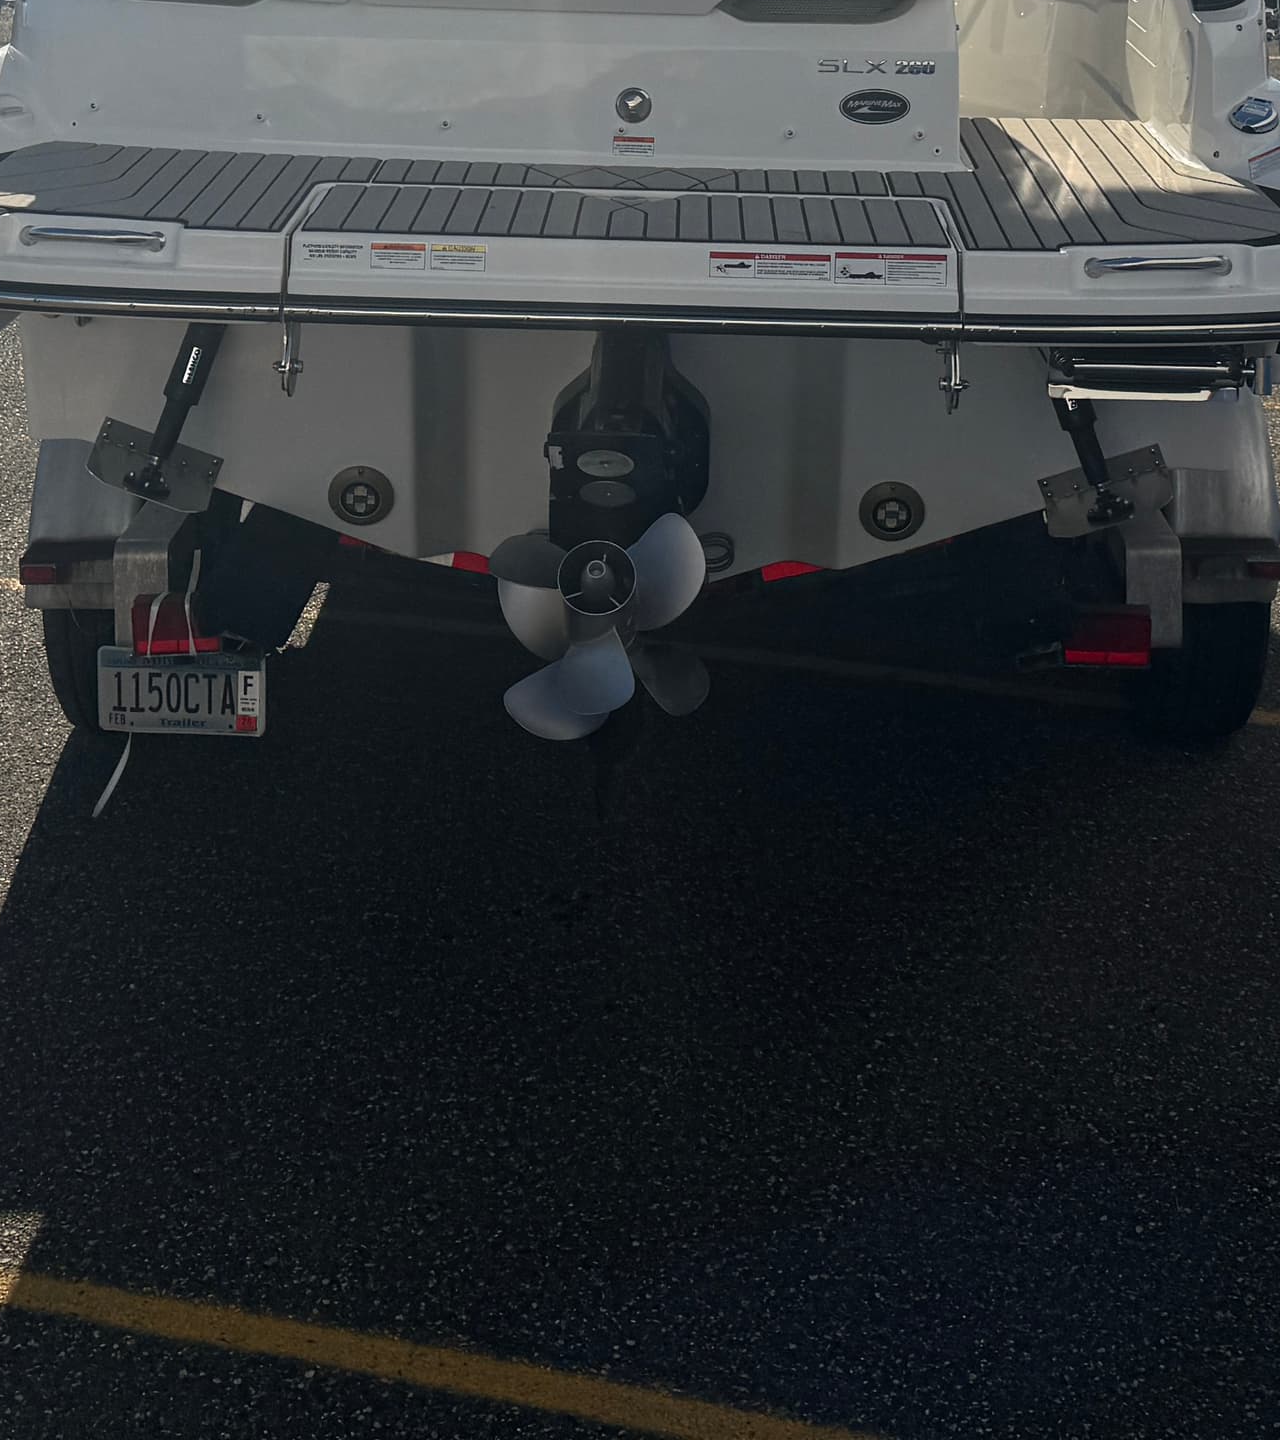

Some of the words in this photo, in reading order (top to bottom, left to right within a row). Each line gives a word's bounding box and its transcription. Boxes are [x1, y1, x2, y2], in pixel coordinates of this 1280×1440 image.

[817, 58, 888, 74] SLX
[112, 671, 236, 715] 1150CTA
[243, 675, 254, 696] F
[108, 712, 126, 725] FEB
[159, 717, 207, 728] Trailer
+--
◆ **Instructions for the task**
Leaving out the pictures, print every record exactly as written.

◆ **Response to the exercise**
Some of the words in this photo, in reading order (top to bottom, left to right within a row). Each line gives a word's bounding box and its transcription. Boxes are [x1, y1, x2, y2], in pixel coordinates of this 1280×1440 image.

[817, 58, 888, 74] SLX
[112, 671, 236, 715] 1150CTA
[243, 675, 254, 696] F
[108, 712, 126, 725] FEB
[159, 717, 207, 728] Trailer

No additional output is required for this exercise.